Inflammatory Bowel Disease (IBD)
A term for two chronic inflammatory conditions of the gastrointestinal tract: Crohn’s disease and Ulcerative Colitis.

  • Crohn’s Disease: Can affect any part of the GI tract from mouth to anus, often in patches. Inflammation can be transmural (affecting all layers of the bowel wall).

  • Ulcerative Colitis (UC): Affects only the colon (large intestine) and rectum, usually starting in the rectum and extending proximally in a continuous manner. Inflammation is typically limited to the innermost lining (mucosa).

  • Symptoms (vary depending on type, location, and severity):

    • Persistent diarrhea (may be bloody, especially in UC).

    • Abdominal pain and cramping.

    • Rectal bleeding.

    • Urgency to defecate.

    • Weight loss, poor growth, delayed puberty.

    • Fever, fatigue.

    • Extraintestinal manifestations (e.g., joint pain, skin rashes, eye inflammation).

  • Diagnosis: Combination of clinical evaluation, blood tests (for inflammation, anemia), stool studies (to rule out infection), endoscopy (colonoscopy, upper endoscopy) with biopsies, and imaging studies (e.g., MRI, CT).

  • Management (aims to induce and maintain remission, improve quality of life):

    • Medications:

      • Anti-inflammatory drugs (e.g., aminosalicylates like mesalamine).

      • Corticosteroids (for acute flare-ups).

      • Immunomodulators (e.g., azathioprine, methotrexate) to suppress the immune system.

      • Biologic therapies (e.g., anti-TNF agents like infliximab, adalimumab) that target specific inflammatory pathways.

    • Nutritional support (e.g., exclusive enteral nutrition for Crohn’s disease).

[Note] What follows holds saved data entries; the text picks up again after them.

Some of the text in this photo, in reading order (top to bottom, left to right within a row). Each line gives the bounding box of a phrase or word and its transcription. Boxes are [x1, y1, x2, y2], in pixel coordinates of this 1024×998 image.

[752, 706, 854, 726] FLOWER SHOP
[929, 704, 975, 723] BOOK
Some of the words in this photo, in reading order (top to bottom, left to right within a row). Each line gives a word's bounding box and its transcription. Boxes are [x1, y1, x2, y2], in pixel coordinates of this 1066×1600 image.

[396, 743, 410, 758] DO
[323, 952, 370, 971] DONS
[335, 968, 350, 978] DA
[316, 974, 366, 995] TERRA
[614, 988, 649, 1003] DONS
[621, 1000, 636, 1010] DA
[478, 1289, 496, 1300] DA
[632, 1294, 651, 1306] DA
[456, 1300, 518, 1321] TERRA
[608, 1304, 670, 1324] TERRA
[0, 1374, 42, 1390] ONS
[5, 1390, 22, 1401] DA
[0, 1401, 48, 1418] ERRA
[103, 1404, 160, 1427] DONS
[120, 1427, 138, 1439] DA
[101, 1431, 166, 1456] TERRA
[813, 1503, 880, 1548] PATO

    • Surgery may be needed for complications or disease refractory to medical therapy (e.g., removal of diseased bowel segments).

Functional Abdominal Pain
Recurrent abdominal pain without an identifiable organic cause after appropriate medical evaluation.

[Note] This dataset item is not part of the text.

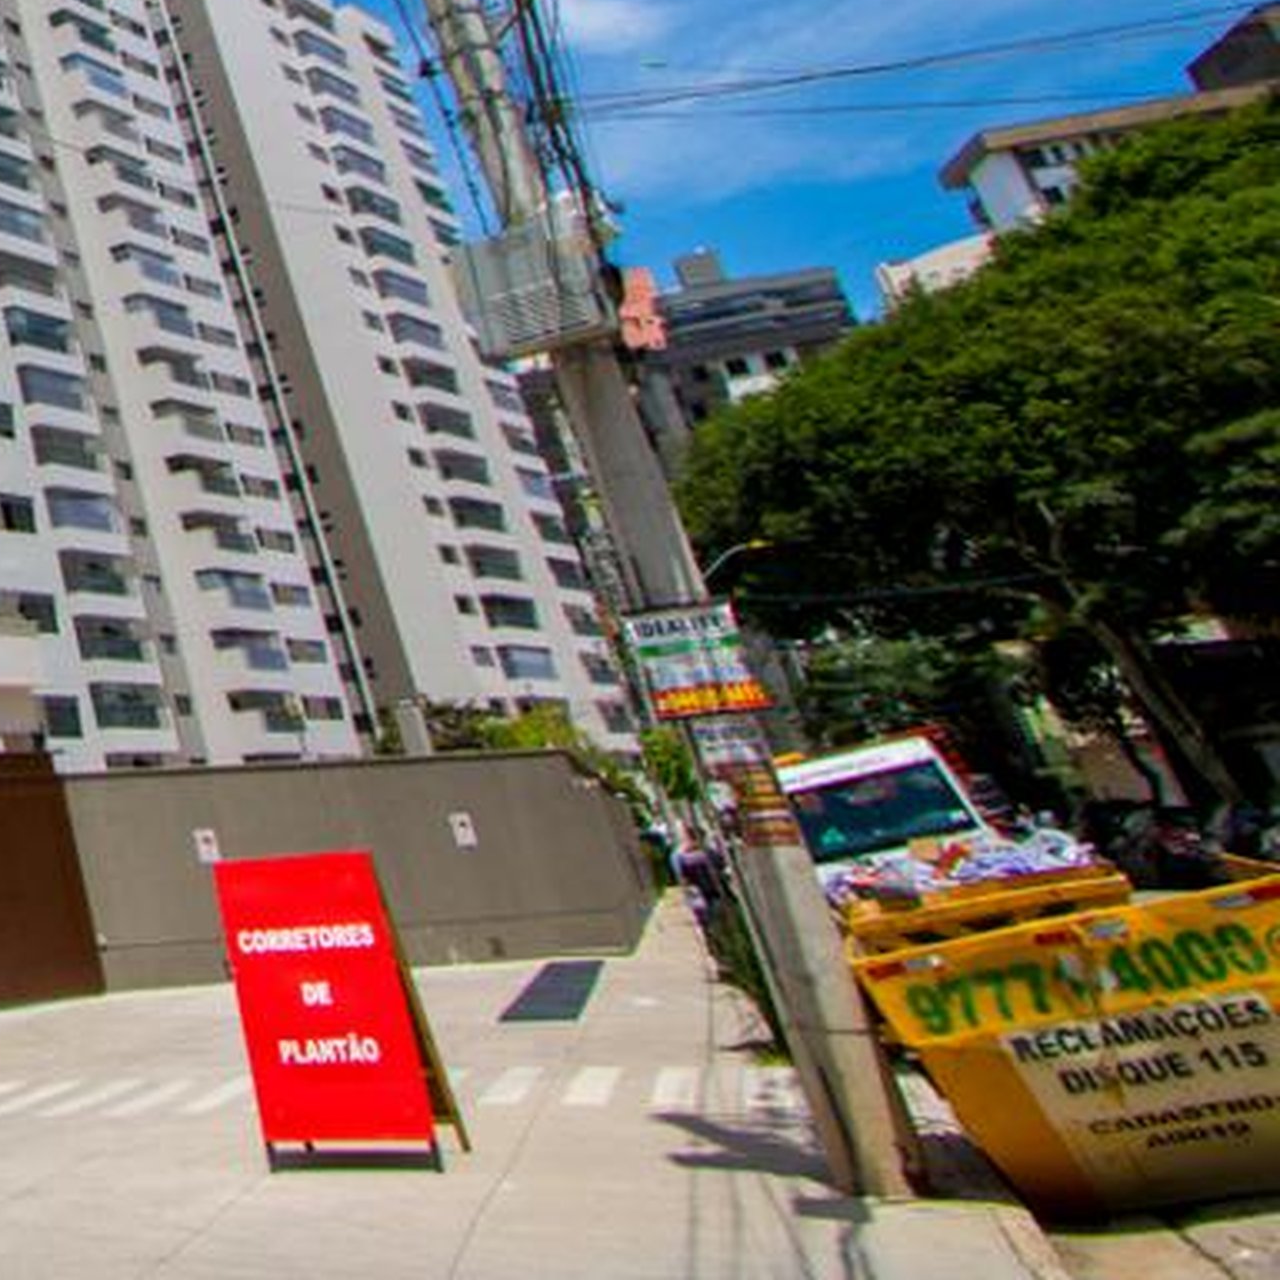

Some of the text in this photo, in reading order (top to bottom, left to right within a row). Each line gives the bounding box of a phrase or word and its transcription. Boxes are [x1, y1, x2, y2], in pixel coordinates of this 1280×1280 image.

[237, 923, 375, 953] CORRETORES
[300, 981, 332, 1005] DE
[278, 1033, 380, 1064] PLANTÃO
[1199, 1042, 1268, 1071] 115

  • Very common. The pain is real, but not due to a structural or biochemical abnormality.

  • May be associated with stress, anxiety, or altered gut sensitivity.

  • Management:

    • Reassurance after a thorough evaluation has ruled out serious underlying disease.

    • Identifying and managing stress or anxiety triggers.

    • Cognitive-behavioral therapy (CBT) or other psychological approaches.

    • Dietary modifications (e.g., identifying food intolerances, sometimes a trial of a low-FODMAP diet under guidance).

    • Focus on coping strategies and maintaining normal activities as much as possible.